They’re not mother and son, but they talk like it. “He’s got a brain the size of a planet when you listen to him,” Lynne Ramsay says of Ezra Miller, the young co-star of her movie, We Need to Talk About Kevin. “Lynne showed me something interesting. The best direction a director can ever give to an actor is, ‘I trust you,’ ” Miller says of Ramsay.
They’re sitting in a hotel room – Ramsay, 41, the Scottish director of such art-house favourites as Morvern Cal-lar, and Miller, the 18-year-old American known for roles as the difficult son in movies like Another Happy Day and City Island – continuing what sounds like a long-running conversation. Ramsay is in a chair and Miller is beside her on the bed, holding a feather and wearing a string of beads around his neck.

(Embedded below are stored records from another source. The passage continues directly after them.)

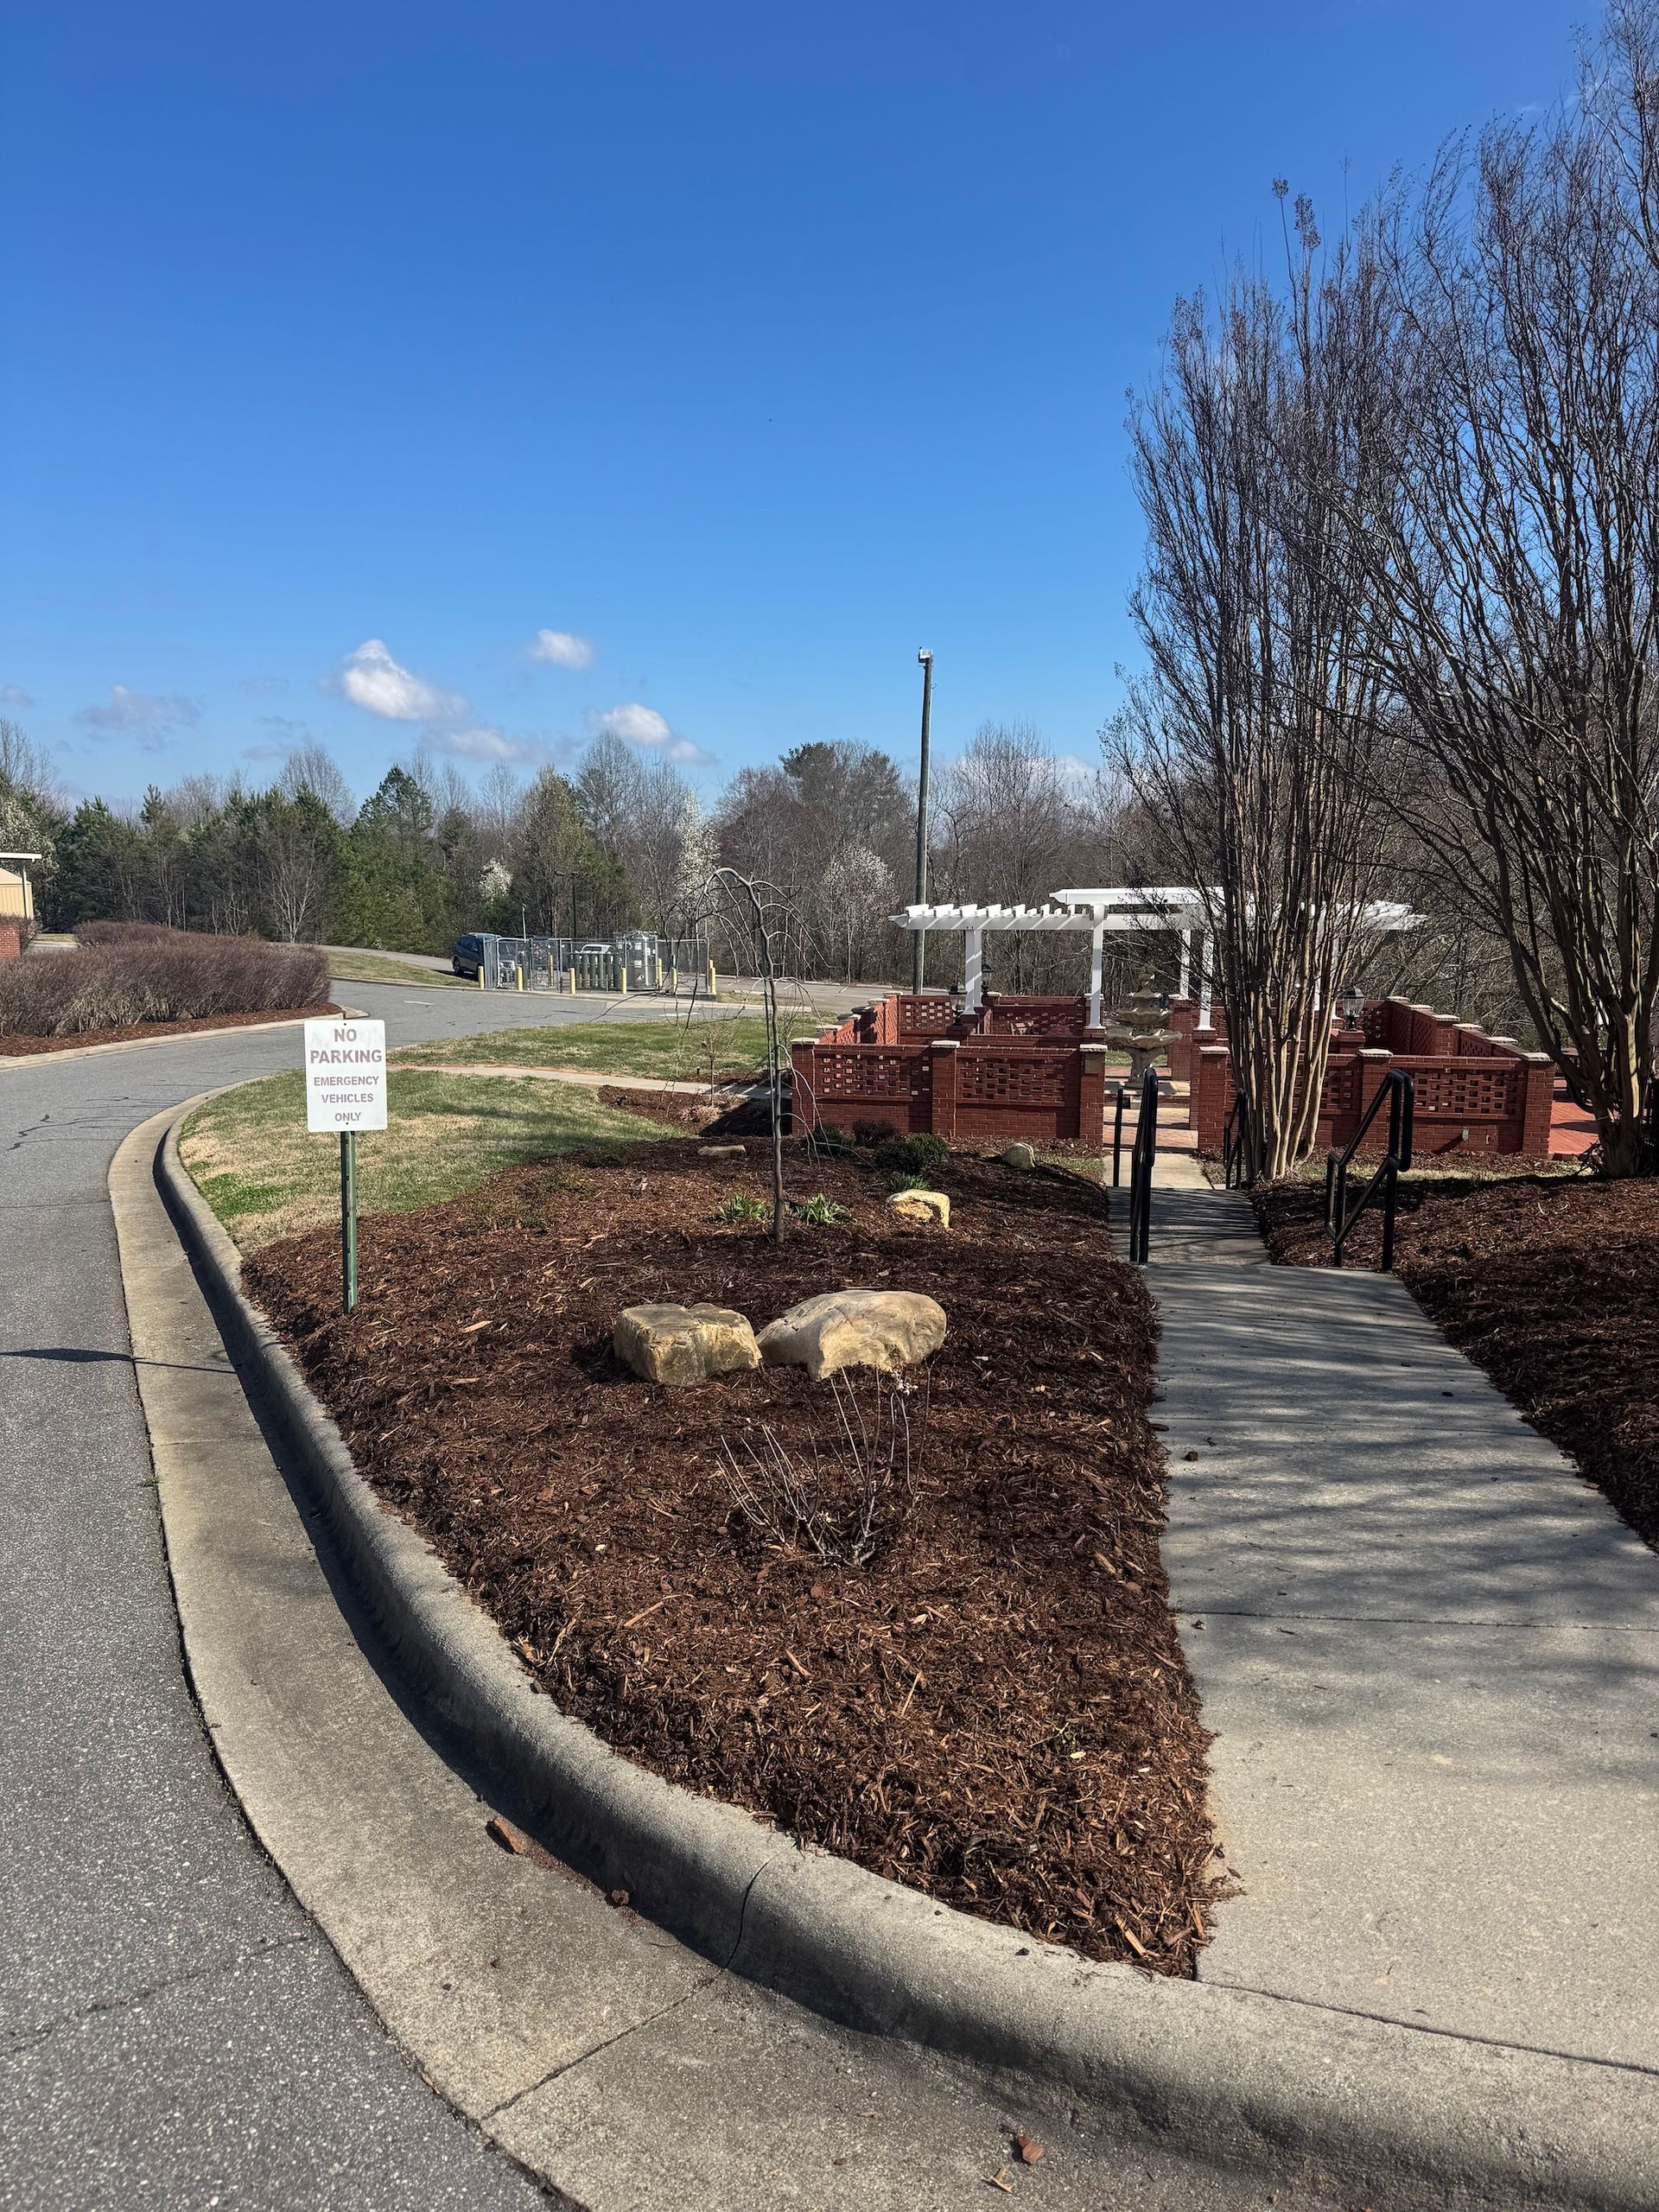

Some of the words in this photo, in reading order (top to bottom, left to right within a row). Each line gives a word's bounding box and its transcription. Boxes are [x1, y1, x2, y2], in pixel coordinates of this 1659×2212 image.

[334, 1028, 357, 1042] NO
[310, 1050, 382, 1064] PARKING
[313, 1076, 379, 1086] EMERGENCY
[321, 1093, 373, 1103] VEHICLES
[334, 1112, 361, 1122] ONLY
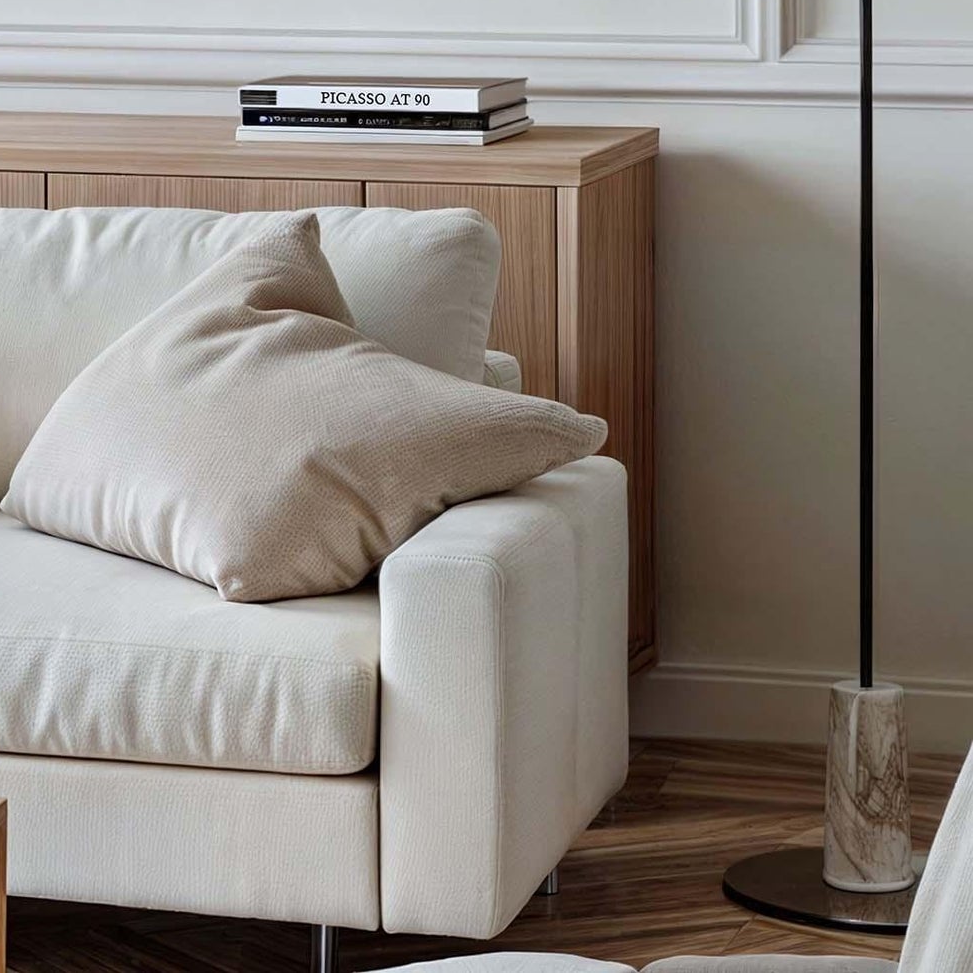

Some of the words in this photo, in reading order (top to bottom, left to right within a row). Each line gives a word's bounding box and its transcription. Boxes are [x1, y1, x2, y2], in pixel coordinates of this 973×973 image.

[321, 91, 385, 106] PICASSO
[391, 93, 410, 106] AT
[414, 93, 430, 107] 90
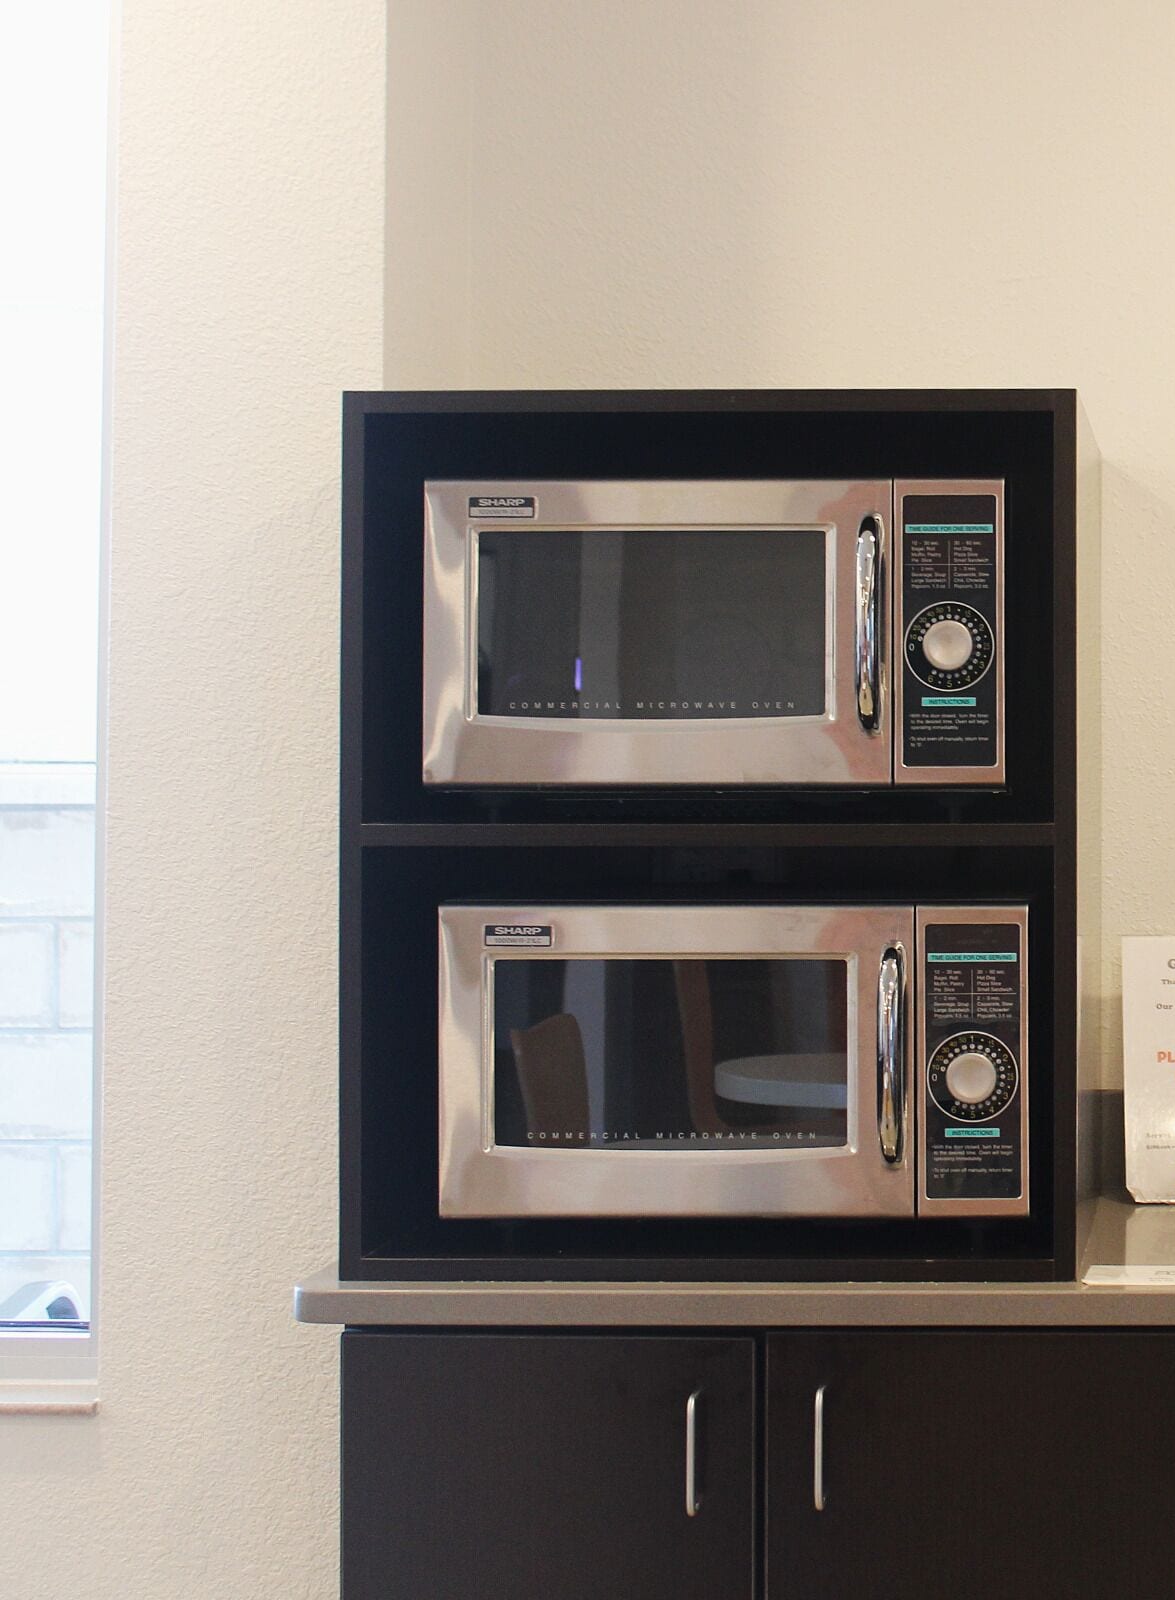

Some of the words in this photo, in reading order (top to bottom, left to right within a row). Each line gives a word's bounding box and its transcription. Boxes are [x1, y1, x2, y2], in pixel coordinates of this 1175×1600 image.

He talks about being an “empty vessel,” and she giggles fondly: not a mother and a son, maybe, but a woman indulging a favourite child, and a teen-ager, perhaps showing off a bit for a parent figure.
What brought them together, though, is anything but maternal: We Need to Talk About Kevin is a dire drama about a woman named Eva (Tilda Swinton) who gives birth to a difficult child and grows to see him as a kind of monster. Based on a bestselling novel by Lionel Shriver, the story depicts a twisted boy (played by Miller as a teenager) who knows how to manipulate his father (John C. Reilly) and reveals his evil side only to his mother. Or – in a chilling subtext – perhaps Eva is simply suffering through a different kind of hell: She’s a woman who doesn’t love her child.
“It was something that hadn’t been spoken about, and I think it’s something that’s true,” Ramsay says. “A mother is meant to feel these instant emotions and instant connections, and I don’t think everyone does.”
Miller, who turned 19 a few days after the interview at last fall’s Toronto International Film Festival, says he related to the reality of the role, if not the specifics.
“Kevin is just … when I read the script, it was real … My attraction to the script was in the very simple thing of finding a real character.”
He wasn’t alone. Ramsay and her husband, Rory Stewart Kinnear, worked for four years on the script, paring a 400-page book down to an 87-page screenplay, as raising money became more and more difficult. But although it was a hard sell to financiers, it attracted a lot of interest among actors.
“It’s amazing how many boys did relate to it, you know, the (number) of people who wanted the part,” Ramsay says.
I suggest it’s a very juicy role. “It’s nothing but juice,” Miller says. “There’s not even a container. It’s just juice all over the place.”
Some critics see Kevin as a “demon seed,” but Miller says, “If there’s one ambiguity that I feel comfortable clearing up, it’s that I never for a second was thinking about how to portray someone innately evil.”